Fundament des umfassenden Arbeitsplatzprogramms der GIZ ist seit 2004 die HIV-Arbeitsplatzpolitik. Sie sorgt dafür, dass das Arbeitsumfeld frei von Vorurteilen und Diskriminierung in Bezug auf HIV und Aids ist, und macht die Sensibilisierung der Beschäftigten für die Krankheit zur Unternehmenspflicht. Ein weiteres Element der Arbeitsplatzpolitik ist ein Gesundheitsversorgungssystem, durch das GIZ-Beschäftigte mit HIV und deren engste Familienmitglieder Betreuung und Unterstützung erhalten.

Das Arbeitsplatzprogramm wurde in Abstimmung mit dem Nationalen Betriebsrat der GIZ konzipiert. Es bietet Gesundheitsseminare für die Beschäftigten und ihre Familien an, bildet Peer Educators aus (Aufklärung durch meist gleichaltrige Personen der gleichen sozialen Gruppe) und stellt Informations- und Schulungsmaterialien zum Thema HIV bereit. Eine Reihe von Präventions- und Behandlungsmaßnahmen kann von Beschäftigten unentgeltlich genutzt werden. Sie reichen vom Zugang zu Kondomen am Arbeitsplatz über Beratungs- und Testangebote bis zur Postexpositionsprophylaxe und antiretroviralen Therapie.

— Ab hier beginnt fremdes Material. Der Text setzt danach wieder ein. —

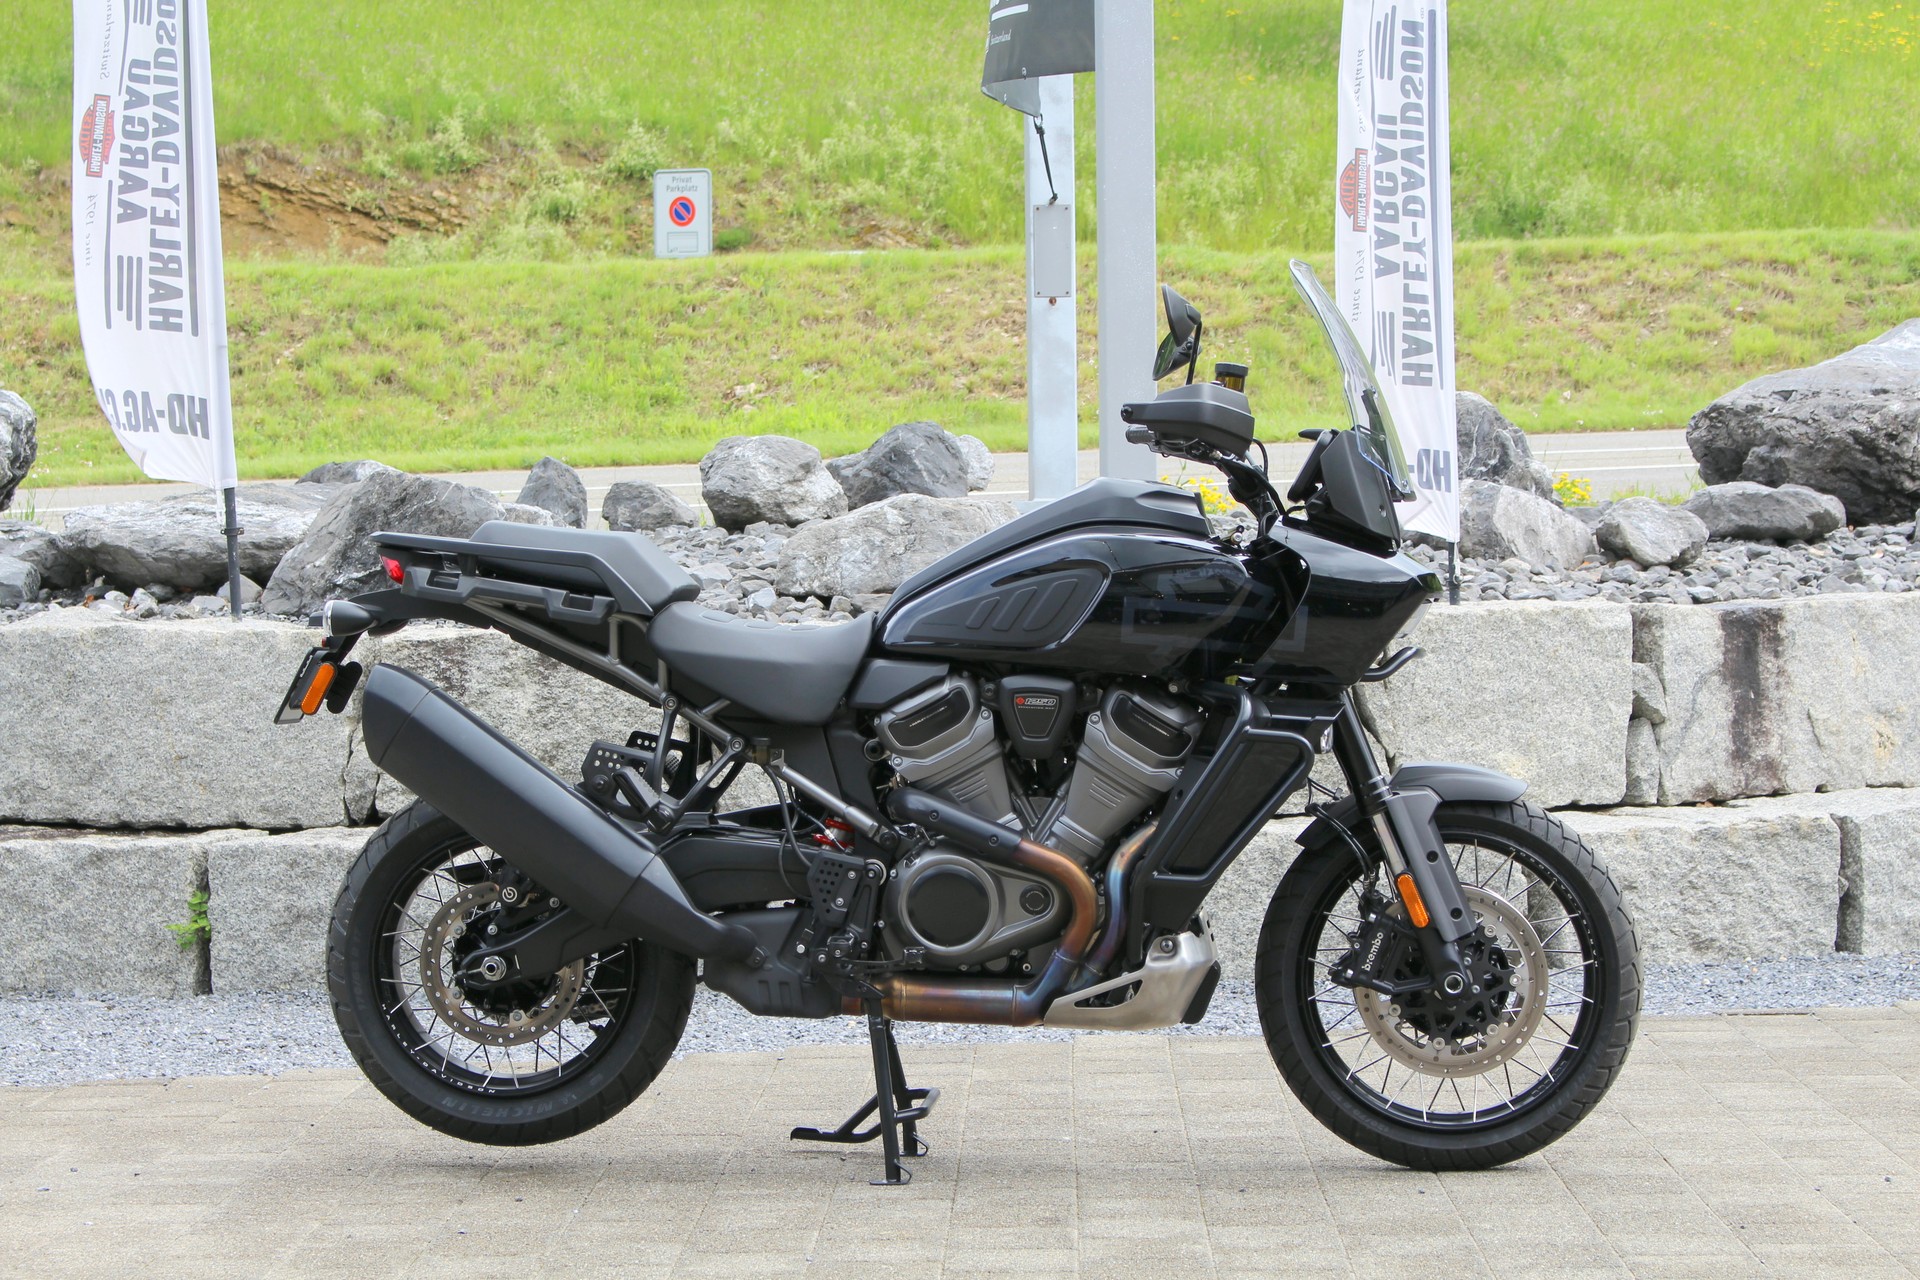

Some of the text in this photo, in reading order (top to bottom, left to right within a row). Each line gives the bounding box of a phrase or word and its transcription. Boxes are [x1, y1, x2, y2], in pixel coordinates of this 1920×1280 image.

[666, 185, 698, 193] Parkplatz
[1361, 932, 1384, 971] brembo
[381, 1003, 496, 1094] HARLEY-DAVIDSON
[441, 1095, 552, 1118] MICHELIN

2011 übernahm und adaptierte die GIZ in Uganda ein Instrument mit der Bezeichnung „Join-in-Circuit on AIDS, Love and Sexuality“ (J-IC). Dieser „Mitmachparcours zu AIDS, Liebe und Sexualität“ ist ein Sensibilisierungsverfahren, das sich intern und extern zur Eindämmung von HIV anwenden lässt. In zweistündigen interaktiven Sitzungen werden den Teilnehmern wissenswerte Inhalte vermittelt, was sich in Uganda bereits als wirksam erwiesen hat. Im Rahmen einer Partnerschaft mit der Deutschen Stiftung Weltbevölkerung (DSW) hat die GIZ in mehreren Regionen des Landes tätige Nichtregierungsorganisationen in die Nutzung des Instruments eingewiesen.

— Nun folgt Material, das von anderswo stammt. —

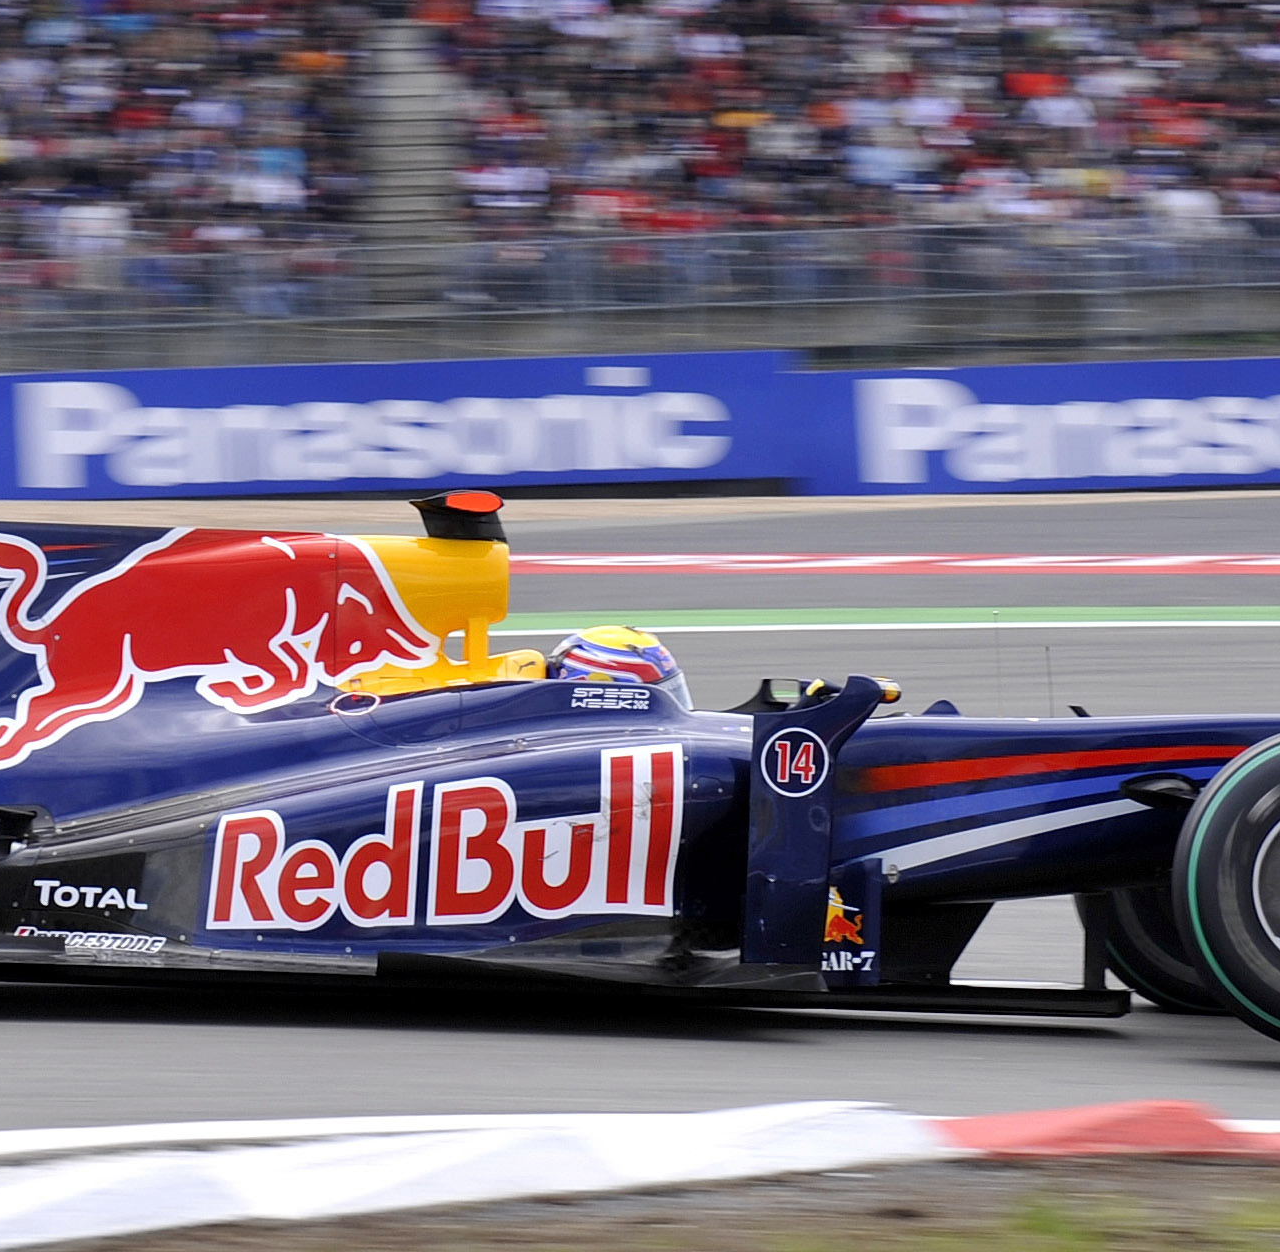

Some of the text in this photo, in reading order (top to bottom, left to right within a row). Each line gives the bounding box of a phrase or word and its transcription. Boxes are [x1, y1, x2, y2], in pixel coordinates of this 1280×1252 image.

[14, 366, 733, 488] Panasonic
[571, 698, 635, 709] WEEK
[572, 687, 650, 698] SPEED
[775, 741, 815, 783] 14
[207, 743, 683, 930] Red Bull

2013 hat die GIZ eine Version des J-IC eingeführt, die den Lehrplan zur Vermittlung von Lese- und Schreibfertigkeiten für Erwachsene des African Prisons Project (APP) unterstützt. Der Plan sieht Themen wie Gesundheit, Alltagsfähigkeiten und Zugang zum Recht vor. Zusätzlich hat die GIZ in Zusammenarbeit mit dem APP das Instrument an die spezifischen Belange männlicher und weiblicher Häftlinge sowie der Beschäftigten der Haftanstalten angepasst. Ziele sind Wissenszuwachs und positive Verhaltensänderungen in Bezug auf Sexualität, Gesundheit, Hygiene und Alltagsfähigkeiten. Derzeit wird das Instrument in Gefängnissen im nördlichen Uganda getestet. Anschließend wird es auch in anderen Haftanstalten im ganzen Land eingeführt.

Wirkung

Das Mainstreaming von HIV wird an allen Arbeitsplätzen der GIZ in Uganda umgesetzt. Bedeutung und Vielschichtigkeit des Themas HIV werden ausdrücklich anerkannt. Durch externes Mainstreaming unterstützen Projektmitarbeiterinnen und -mitarbeiter der GIZ ihre Partner bei der Entwicklung und Umsetzung eigener Arbeitsplatzprogramme. Die Partner prüfen nun ihrerseits Möglichkeiten, die HIV-Prävention und -Behandlung mit eigenen Aktivitäten zu fördern.

Durch Dokumentation und die Weitergabe ihrer Erfahrungen und Arbeitsabläufe unterstützt die GIZ wirksam die Anstrengungen ihrer unmittelbaren Partner wie auch anderer Befürworter von Arbeitsplatzprogrammen und nationalen Mainstreaming-Strategien. Das Arbeitsplatzprogramm der GIZ hilft, die Ausbreitung von HIV zu verhindern und die Folgen der Infektion einzudämmen. Damit erleichtert es die Verwirklichung zahlreicher nationaler Entwicklungsziele.